* Instructions to follow
Below are records; transcribe only the line with "this 1280×1278 image." and those after it, through the last line, without any change.

* Recorded information
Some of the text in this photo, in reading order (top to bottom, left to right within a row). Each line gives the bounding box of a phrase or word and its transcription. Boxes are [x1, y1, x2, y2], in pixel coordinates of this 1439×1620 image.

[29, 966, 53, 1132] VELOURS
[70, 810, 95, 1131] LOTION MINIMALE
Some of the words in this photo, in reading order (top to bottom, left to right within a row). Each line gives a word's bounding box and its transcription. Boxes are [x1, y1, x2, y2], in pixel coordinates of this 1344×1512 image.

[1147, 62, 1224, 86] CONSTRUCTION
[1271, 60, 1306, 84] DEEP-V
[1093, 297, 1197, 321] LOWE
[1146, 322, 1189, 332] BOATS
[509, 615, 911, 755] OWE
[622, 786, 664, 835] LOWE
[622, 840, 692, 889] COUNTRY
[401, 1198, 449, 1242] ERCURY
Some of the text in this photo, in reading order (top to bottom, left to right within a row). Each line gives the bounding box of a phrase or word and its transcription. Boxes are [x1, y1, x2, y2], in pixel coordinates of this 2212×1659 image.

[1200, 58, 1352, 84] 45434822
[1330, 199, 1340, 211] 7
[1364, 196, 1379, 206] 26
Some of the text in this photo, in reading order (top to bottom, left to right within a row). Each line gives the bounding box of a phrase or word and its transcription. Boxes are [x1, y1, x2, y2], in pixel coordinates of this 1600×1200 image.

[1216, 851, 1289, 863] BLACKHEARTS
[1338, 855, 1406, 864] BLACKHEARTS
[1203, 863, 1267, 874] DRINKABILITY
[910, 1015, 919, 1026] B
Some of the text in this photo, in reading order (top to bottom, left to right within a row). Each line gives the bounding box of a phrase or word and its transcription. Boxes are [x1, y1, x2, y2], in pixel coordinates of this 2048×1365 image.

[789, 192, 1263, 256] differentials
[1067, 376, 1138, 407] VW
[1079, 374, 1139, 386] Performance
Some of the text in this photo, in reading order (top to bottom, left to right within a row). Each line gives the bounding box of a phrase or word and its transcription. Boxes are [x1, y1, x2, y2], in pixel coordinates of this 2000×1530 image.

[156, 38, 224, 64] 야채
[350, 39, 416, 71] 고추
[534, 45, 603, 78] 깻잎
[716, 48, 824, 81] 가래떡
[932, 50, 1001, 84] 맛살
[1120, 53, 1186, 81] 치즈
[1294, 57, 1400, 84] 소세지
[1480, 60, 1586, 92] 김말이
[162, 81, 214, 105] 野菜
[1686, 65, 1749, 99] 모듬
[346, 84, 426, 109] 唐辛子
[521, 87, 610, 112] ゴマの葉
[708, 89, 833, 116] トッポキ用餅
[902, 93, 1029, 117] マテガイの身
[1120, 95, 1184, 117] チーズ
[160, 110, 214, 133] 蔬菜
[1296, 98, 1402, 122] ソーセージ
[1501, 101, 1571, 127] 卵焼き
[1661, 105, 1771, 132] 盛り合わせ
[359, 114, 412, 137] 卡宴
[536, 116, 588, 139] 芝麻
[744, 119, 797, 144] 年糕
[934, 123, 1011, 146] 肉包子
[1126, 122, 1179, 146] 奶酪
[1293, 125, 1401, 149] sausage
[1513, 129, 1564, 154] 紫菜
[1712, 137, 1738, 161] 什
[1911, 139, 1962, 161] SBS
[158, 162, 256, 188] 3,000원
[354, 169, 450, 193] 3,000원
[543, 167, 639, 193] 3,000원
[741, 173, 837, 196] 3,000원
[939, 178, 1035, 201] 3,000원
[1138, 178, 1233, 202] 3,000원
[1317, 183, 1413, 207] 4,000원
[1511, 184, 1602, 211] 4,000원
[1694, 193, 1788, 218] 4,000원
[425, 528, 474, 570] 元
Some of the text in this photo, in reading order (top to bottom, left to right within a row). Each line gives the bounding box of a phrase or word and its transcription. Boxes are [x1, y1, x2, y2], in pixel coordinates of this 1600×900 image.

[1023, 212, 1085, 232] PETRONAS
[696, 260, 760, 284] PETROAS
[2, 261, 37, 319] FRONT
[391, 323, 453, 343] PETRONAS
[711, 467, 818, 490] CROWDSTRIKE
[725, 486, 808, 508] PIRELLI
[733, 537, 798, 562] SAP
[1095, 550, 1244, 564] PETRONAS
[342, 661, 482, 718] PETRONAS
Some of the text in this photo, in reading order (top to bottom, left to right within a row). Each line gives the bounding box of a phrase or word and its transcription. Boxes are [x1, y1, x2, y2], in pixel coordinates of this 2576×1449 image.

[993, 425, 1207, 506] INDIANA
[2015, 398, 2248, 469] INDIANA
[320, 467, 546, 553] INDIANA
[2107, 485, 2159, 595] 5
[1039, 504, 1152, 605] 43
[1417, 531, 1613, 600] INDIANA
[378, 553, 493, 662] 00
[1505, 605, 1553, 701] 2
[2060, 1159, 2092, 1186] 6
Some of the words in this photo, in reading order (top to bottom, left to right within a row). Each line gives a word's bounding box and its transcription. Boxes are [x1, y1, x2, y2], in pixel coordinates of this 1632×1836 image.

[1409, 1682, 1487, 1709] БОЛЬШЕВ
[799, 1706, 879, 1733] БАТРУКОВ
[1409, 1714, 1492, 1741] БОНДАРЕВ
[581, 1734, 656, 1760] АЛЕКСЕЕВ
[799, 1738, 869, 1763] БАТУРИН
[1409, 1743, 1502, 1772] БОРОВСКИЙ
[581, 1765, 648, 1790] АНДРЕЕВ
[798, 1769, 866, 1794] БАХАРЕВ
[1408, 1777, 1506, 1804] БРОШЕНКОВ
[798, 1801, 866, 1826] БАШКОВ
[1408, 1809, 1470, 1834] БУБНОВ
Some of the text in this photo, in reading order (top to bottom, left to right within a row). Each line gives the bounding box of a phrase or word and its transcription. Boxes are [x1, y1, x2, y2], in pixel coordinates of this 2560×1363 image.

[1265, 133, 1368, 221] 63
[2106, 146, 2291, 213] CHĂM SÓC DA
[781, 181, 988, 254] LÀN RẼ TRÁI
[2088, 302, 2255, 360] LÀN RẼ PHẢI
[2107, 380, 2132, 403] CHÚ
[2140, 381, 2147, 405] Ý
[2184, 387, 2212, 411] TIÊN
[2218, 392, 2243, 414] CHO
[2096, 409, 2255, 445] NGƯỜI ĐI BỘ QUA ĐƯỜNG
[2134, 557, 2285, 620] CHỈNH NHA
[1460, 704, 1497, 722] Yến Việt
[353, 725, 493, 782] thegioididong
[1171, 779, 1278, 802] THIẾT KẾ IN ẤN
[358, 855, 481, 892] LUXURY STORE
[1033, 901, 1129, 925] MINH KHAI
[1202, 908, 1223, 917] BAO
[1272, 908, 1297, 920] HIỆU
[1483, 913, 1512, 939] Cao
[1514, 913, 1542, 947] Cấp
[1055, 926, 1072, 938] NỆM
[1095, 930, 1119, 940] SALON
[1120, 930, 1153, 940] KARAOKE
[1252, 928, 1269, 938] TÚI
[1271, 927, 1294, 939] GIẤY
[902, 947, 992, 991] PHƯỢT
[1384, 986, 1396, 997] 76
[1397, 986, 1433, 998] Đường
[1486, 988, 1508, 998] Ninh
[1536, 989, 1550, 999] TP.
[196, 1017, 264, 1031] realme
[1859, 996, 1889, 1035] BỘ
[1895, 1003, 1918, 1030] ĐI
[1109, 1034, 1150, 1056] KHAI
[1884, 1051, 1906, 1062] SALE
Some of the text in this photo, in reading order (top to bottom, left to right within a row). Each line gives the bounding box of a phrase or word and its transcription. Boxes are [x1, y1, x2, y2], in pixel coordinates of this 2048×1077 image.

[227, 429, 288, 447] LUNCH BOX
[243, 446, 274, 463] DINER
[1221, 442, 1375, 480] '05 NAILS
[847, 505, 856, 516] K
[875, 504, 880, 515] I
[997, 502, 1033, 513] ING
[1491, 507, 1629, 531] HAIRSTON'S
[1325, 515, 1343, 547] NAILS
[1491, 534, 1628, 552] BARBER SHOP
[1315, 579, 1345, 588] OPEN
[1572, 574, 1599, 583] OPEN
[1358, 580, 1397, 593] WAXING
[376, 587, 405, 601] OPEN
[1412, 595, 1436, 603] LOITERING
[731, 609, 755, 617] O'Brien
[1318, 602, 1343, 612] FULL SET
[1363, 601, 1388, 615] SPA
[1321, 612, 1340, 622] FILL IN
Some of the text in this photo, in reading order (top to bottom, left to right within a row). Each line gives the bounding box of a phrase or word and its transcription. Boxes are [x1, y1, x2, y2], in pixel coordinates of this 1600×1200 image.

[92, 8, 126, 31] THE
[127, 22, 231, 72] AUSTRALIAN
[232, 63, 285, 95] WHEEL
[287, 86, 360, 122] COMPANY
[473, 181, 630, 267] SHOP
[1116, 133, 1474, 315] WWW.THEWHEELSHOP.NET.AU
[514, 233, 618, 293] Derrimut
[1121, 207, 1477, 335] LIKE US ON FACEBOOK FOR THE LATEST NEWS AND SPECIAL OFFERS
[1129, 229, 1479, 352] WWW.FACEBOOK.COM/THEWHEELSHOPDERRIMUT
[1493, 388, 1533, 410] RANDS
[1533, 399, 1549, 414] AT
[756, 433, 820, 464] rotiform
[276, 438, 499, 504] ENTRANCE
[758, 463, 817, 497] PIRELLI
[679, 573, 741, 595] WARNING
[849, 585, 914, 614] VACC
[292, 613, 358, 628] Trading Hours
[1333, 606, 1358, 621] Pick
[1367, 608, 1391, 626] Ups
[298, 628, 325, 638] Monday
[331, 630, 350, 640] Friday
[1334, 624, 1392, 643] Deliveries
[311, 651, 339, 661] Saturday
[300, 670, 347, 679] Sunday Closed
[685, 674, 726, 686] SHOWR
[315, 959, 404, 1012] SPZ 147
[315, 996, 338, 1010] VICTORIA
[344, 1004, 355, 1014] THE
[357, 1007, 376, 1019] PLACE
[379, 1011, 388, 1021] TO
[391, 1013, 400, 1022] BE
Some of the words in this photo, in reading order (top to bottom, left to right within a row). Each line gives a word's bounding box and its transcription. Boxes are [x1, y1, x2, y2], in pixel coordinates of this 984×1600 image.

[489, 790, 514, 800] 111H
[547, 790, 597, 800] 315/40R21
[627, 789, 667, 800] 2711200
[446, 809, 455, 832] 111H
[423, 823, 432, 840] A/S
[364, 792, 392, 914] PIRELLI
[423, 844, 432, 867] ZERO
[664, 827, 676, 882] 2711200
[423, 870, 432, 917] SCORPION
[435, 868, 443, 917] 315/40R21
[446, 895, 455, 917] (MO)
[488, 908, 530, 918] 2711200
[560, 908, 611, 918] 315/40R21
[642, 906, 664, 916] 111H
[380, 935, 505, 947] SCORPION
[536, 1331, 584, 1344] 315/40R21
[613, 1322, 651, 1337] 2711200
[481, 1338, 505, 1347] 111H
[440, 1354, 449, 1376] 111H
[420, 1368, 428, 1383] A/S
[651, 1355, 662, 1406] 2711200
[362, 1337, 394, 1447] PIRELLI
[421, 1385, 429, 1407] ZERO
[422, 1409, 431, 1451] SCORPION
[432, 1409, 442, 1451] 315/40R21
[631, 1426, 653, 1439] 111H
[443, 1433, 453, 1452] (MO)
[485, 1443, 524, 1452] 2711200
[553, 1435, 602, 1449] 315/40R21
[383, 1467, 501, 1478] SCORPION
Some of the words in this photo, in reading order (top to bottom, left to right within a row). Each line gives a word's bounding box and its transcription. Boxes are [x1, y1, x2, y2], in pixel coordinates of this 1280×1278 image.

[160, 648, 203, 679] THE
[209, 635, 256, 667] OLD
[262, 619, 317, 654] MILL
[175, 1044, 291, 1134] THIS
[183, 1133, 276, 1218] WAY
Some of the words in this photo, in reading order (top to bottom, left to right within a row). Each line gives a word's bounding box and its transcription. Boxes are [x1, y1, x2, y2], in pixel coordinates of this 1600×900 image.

* Written answer
Some of the words in this photo, in reading order (top to bottom, left to right within a row). Each line gives a word's bounding box and its transcription. Boxes are [x1, y1, x2, y2], in pixel coordinates of this 1280×1278 image.

[160, 648, 203, 679] THE
[209, 635, 256, 667] OLD
[262, 619, 317, 654] MILL
[175, 1044, 291, 1134] THIS
[183, 1133, 276, 1218] WAY
Some of the words in this photo, in reading order (top to bottom, left to right within a row). Each line gives a word's bounding box and its transcription. Boxes are [x1, y1, x2, y2], in pixel coordinates of this 1600×900 image.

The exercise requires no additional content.